You constantly got to evolve. So let’s look at what we did with Genghis. Genghis was a 5, 000 square foot building and the whole mentality behind it was you came up, built your bowl as big as you possibly could, and went to the grill and we cooked it.

It was a money loser. Food cost was impossible back in the day when food cost was controllable. Having a customer come in and put five pounds of steak wasn’t going to kill you. Five pounds of steak now will cost you 18 bucks, if not more. So we had to look at the model on how we could change that.

So we instantly put in chef bowls and chef inspired bowls and pre done bowls to try to drive traffic just away from the chef bowl or the create your own model. We did that, we rolled that out to the tune of over 20 percent of our sales now are these chef bowls and on third party 80 percent are chef bowls.

So we’re no longer having these issues of the huge giant bowls, we’re moving away from it. We then took that 5, 000 square foot box and shrunk it [00:35:00] to 2, 200 square feet. We eliminated the servers and went to the fast casual model. And we now portion the product in the new prototype instead of the customer taking it.

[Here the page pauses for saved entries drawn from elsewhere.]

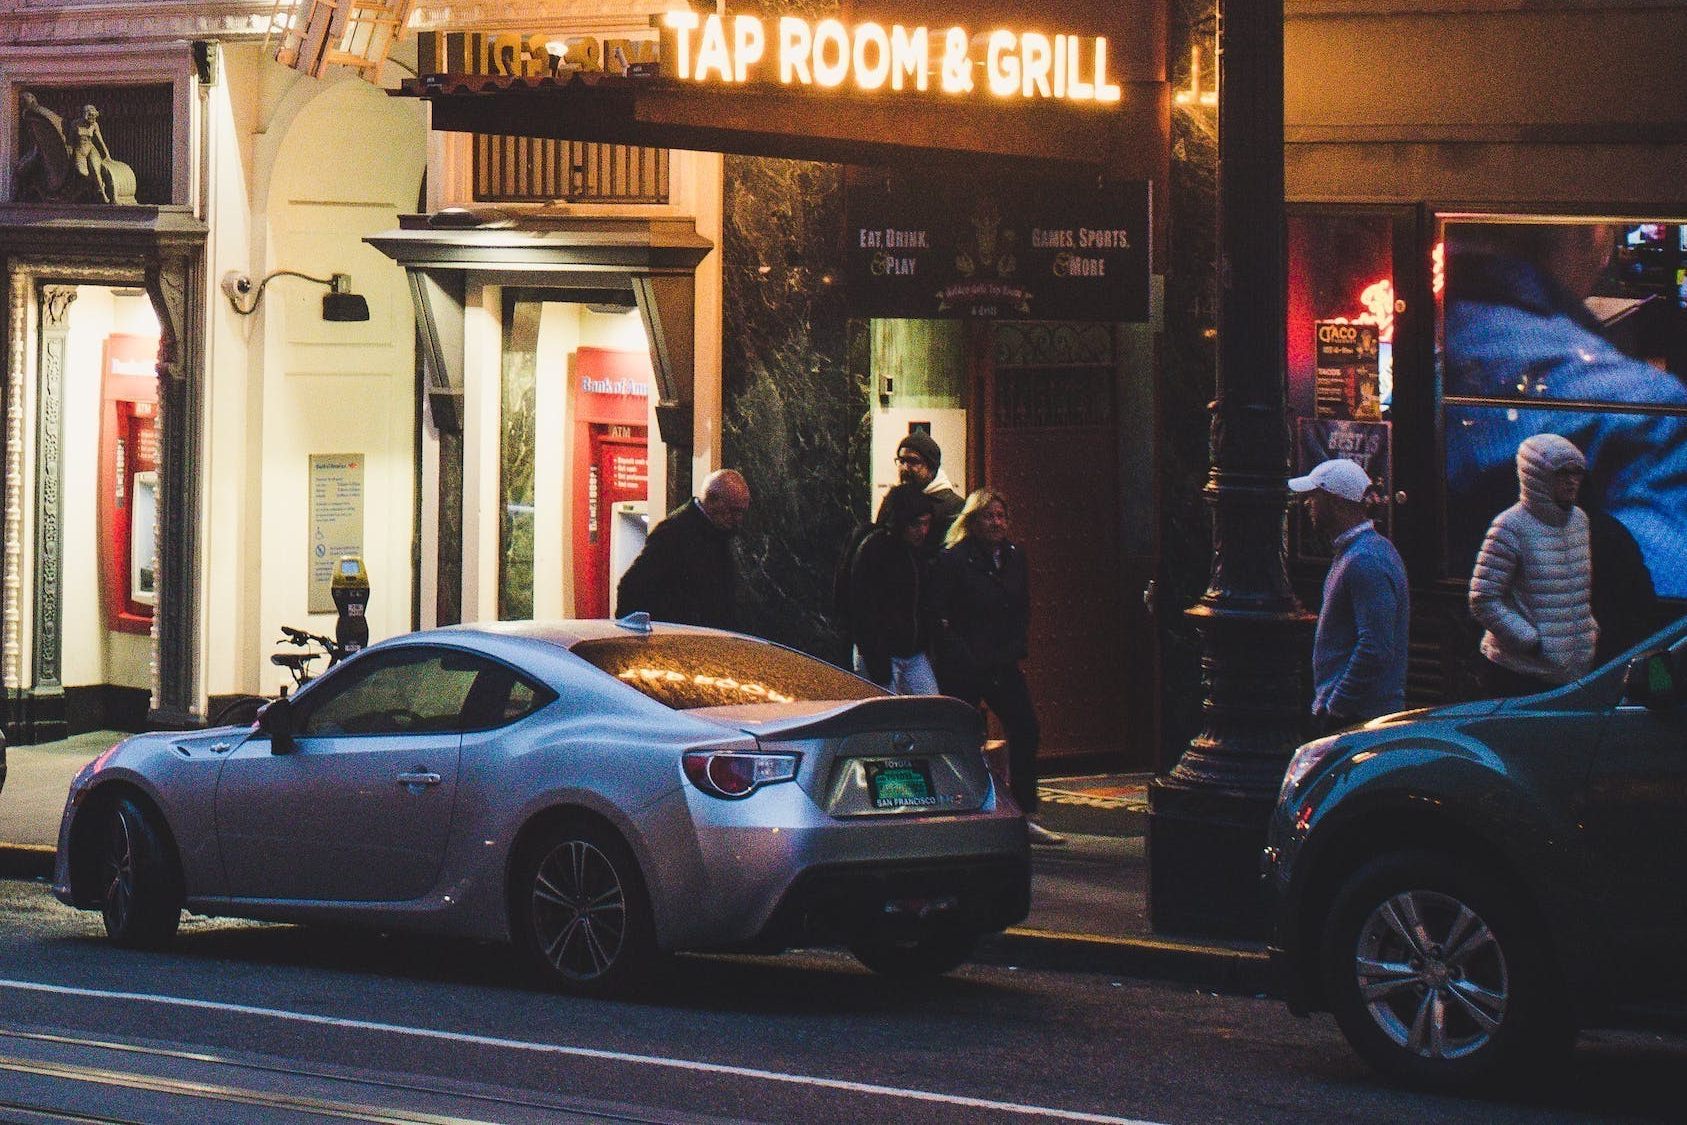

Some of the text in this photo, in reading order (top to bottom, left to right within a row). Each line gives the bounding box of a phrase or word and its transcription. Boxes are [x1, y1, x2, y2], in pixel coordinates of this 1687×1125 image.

[667, 10, 765, 82] TAP
[779, 16, 928, 91] ROOM
[941, 26, 975, 94] &
[986, 29, 1122, 102] GRILL
[1318, 325, 1358, 343] TACO
[581, 375, 612, 393] Bank
[612, 426, 631, 438] ATM
[876, 797, 893, 807] SAN
[893, 796, 936, 806] FRANCISCO

So we dropped our food costs from 32 to 26, and all these things. So we constantly are evolving. All of our brands. So if you’re a legacy brand, what that means to us is you will come in, we’ll then take it as a consultant sort of basis, put everything in that you guys have been afraid to do, no sacred cows, and put the brand up and ready for the next 20 years, and that’s just having the money and the capital to get through that because you’re always afraid to change.

In Genghis’s case, they had a hundred restaurants at one point. They were growing, but they built on the arms of the 2008 recession where they got these great real estate deals, they thought, but they were 5, 000 square foot boxes. Rents went up very fast that they didn’t survive. The idea was fabulous.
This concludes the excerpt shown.